An alternative explanation for the higher prevalence of risk factors in larger tumours is that they grow faster. In countries such as the United Kingdom, middle-aged and elderly individuals tend to have an ocular examination every year or two, but a significant proportion of melanomas are missed at any single examination.32 When such failure occurs, then slow-growing, low-grade melanomas will probably still be small if they are detected 1 or 2 years later, whereas high-grade melanomas will grow larger.

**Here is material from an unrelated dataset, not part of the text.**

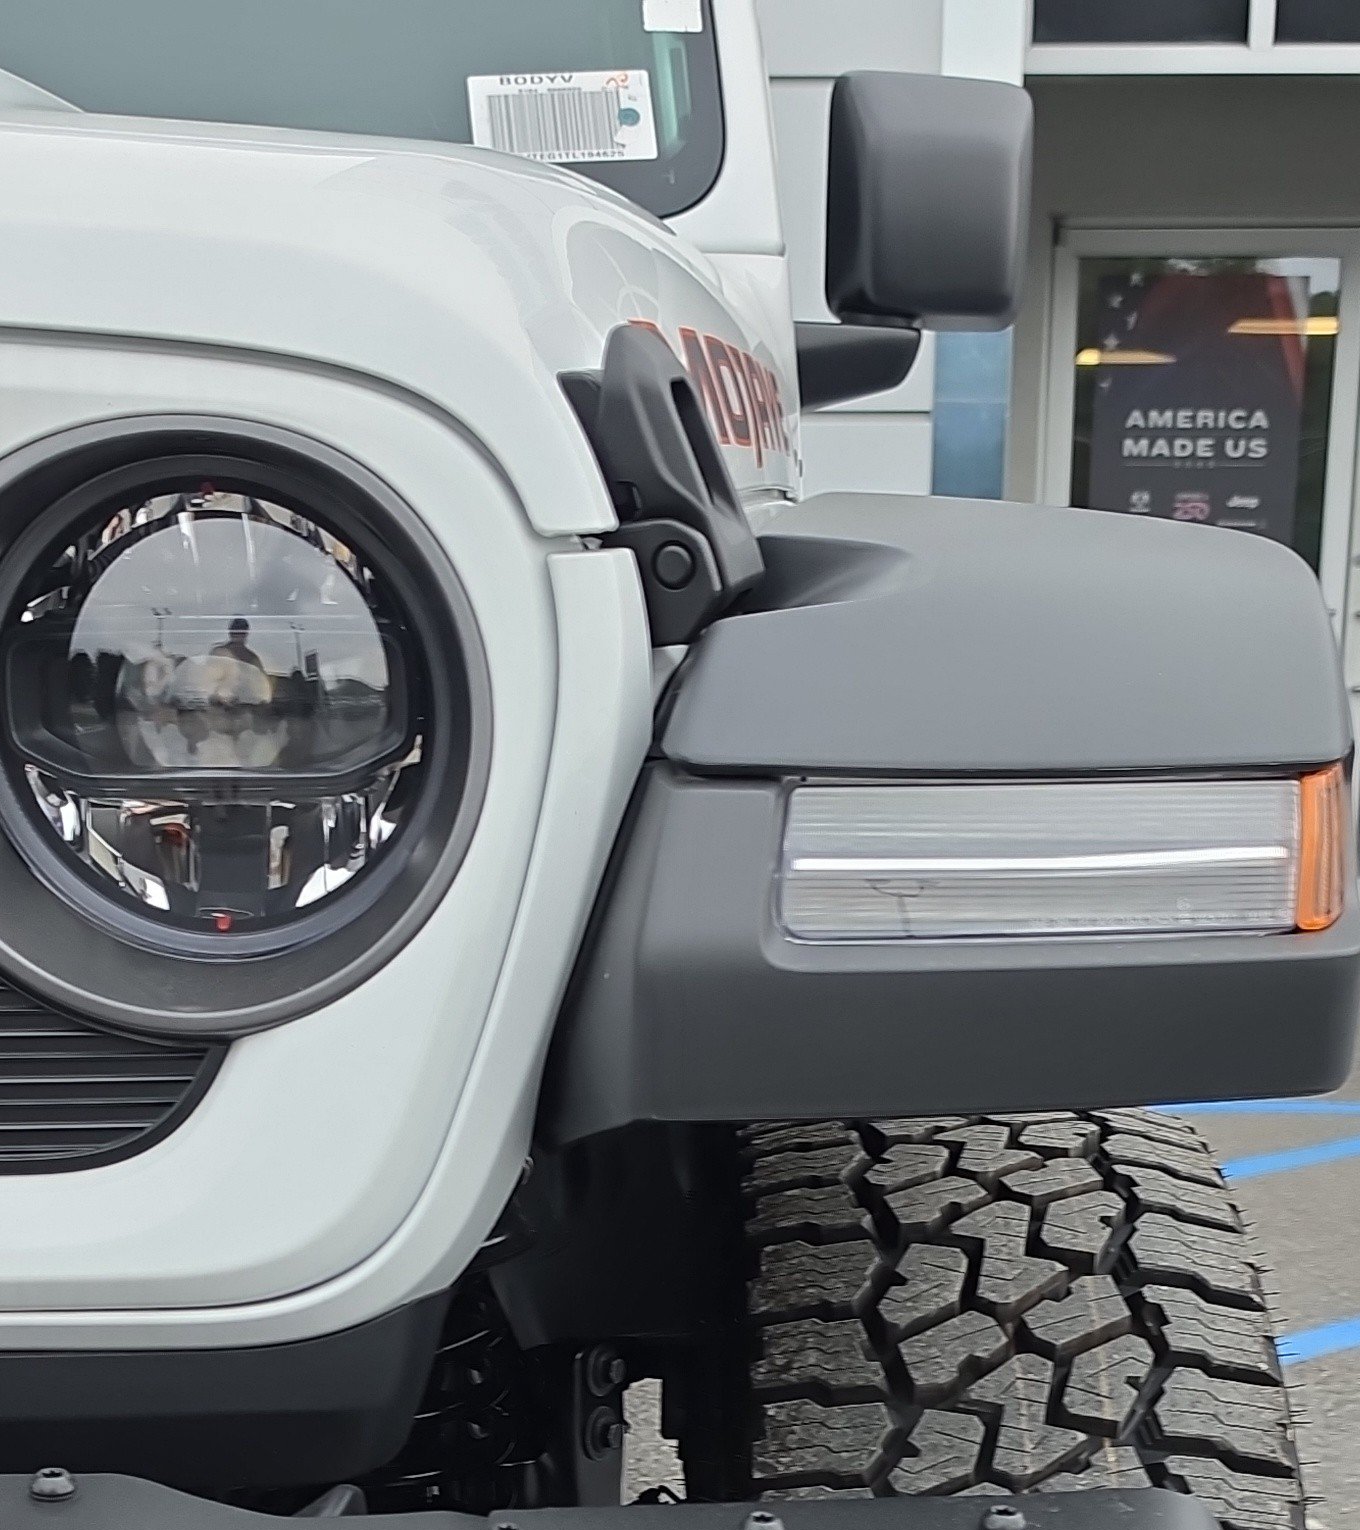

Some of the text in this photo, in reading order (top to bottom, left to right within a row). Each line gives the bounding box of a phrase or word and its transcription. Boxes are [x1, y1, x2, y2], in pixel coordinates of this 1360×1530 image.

[499, 75, 574, 86] BODYV
[1125, 409, 1269, 429] AMERICA
[1122, 437, 1269, 459] MADE US

The conventional interpretation of Kaplan–Meier survival curves after treatment of choroidal melanoma is that survival is better with smaller tumours because of earlier treatment. An alternative view is that survival is better with smaller tumours because fewer small tumours are fatal. Our data show that both the prevalence of chromosome 3 loss and the disease-specific mortality increased from around 25–33% when the LTD was <10 mm to approximately 62–65% when the LTD exceeded 18 mm. These survival curves are only approximate because of competing risks and because of misdiagnosed cause of death. Nevertheless, they are consistent with the hypothesis that, irrespective of size, all melanomas with chromosome 3 loss are eventually fatal, unless the patient dies of an unrelated cause before metastatic disease develops. These data provide further evidence that ocular treatment rarely, if ever, prevents the onset of metastatic spread, because such dissemination commences years before the uveal melanoma is detected and treated.28 It is not known whether or not ocular treatment prolongs life once metastatic spread has commenced, by arresting tumour dissemination and reducing the metastatic burden. To address this question one would need randomised, prospective studies on immediate vs delayed treatment, taking LTD and genetic tumour type into account. Statistical correlations between LTD and metastasis have led to the general impression that large uveal melanomas are more life threatening (ie, lethal). In contrast, the prevalence data in this study suggest an alternative scenario, which is that more large tumours are lethal. In other words, our data lend further support to the hypothesis that uveal melanomas grow large because they are aggressive and do not become aggressive because they grow large. Treatment rationale is profoundly influenced by whether it is believed that metastasis commences before uveal melanomas grow large or afterwards. The importance of evidence-based care is now accepted; however, we need to be conscious of how the same evidence can be interpreted in different ways.33

As early as the mid-nineteenth century, von Graefe34 observed that some patients with a small uveal melanoma died of metastasis, whereas others with a large tumour survived. We now know that this is because there are lethal and non-lethal subtypes of uveal melanoma. What this means is that the value of LTD as a survival predictor is enhanced when considered together with histological and genetic risk factors.

Conflict of interest

The authors declare no conflict of interest.